A RODOVIÁRIA
* Conto da coluna "O buraco da fechadura" publicado no blog Ouro de Tolo em 3/11/2012
Afonso acabara
de pegar um táxi no Brás, bairro da capital de São Paulo. Era uma e meia da
manhã de sexta pra sábado e ele tinha que correr para tentar comprar passagem
pro último ônibus com destino ao Rio de Janeiro.
Tinha trinta e
cinco anos de idade, um cara que muito viveu e ao mesmo tempo viveu nada.
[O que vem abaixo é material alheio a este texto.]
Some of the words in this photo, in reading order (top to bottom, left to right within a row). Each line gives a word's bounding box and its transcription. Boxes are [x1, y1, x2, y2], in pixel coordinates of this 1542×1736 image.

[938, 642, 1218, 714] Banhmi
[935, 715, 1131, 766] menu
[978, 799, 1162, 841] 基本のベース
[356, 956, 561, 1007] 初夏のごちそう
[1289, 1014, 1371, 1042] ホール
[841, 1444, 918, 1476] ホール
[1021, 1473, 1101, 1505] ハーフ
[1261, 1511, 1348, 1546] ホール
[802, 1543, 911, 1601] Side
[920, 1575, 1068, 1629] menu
Experiente e inteligente para algumas coisas,
burro e imaturo para outras, era uma metamorfose ambulante, um carrossel de emoções.
Afonso estava
triste no táxi e com enorme vontade de chorar, mas nunca foi de chorar na
frente dos outros, já chega ter chorado na frente de Bianca, sua ex namorada,
naquela noite.
Ela que o
colocou naquele táxi e foi embora sem olhar pra trás enquanto Afonso acompanhou
a moça com o olhar até que não conseguisse mais vê-la. Limpou as lágrimas
disfarçadamente para o taxista não reparar que estava triste.
O taxista
começou a falar do engarrafamento que pegaram. Reclamou dizendo que era a feira
dos chineses sendo montada e afirmou que um dia dominarão São Paulo. Afonso
sorriu e tentou engatar um papo com ele sobre os chineses tentando assim não
pensar em Bianca e na hora.
O taxista ágil
se livrou do engarrafamento e conseguiu em poucos minutos chegar na rodoviária.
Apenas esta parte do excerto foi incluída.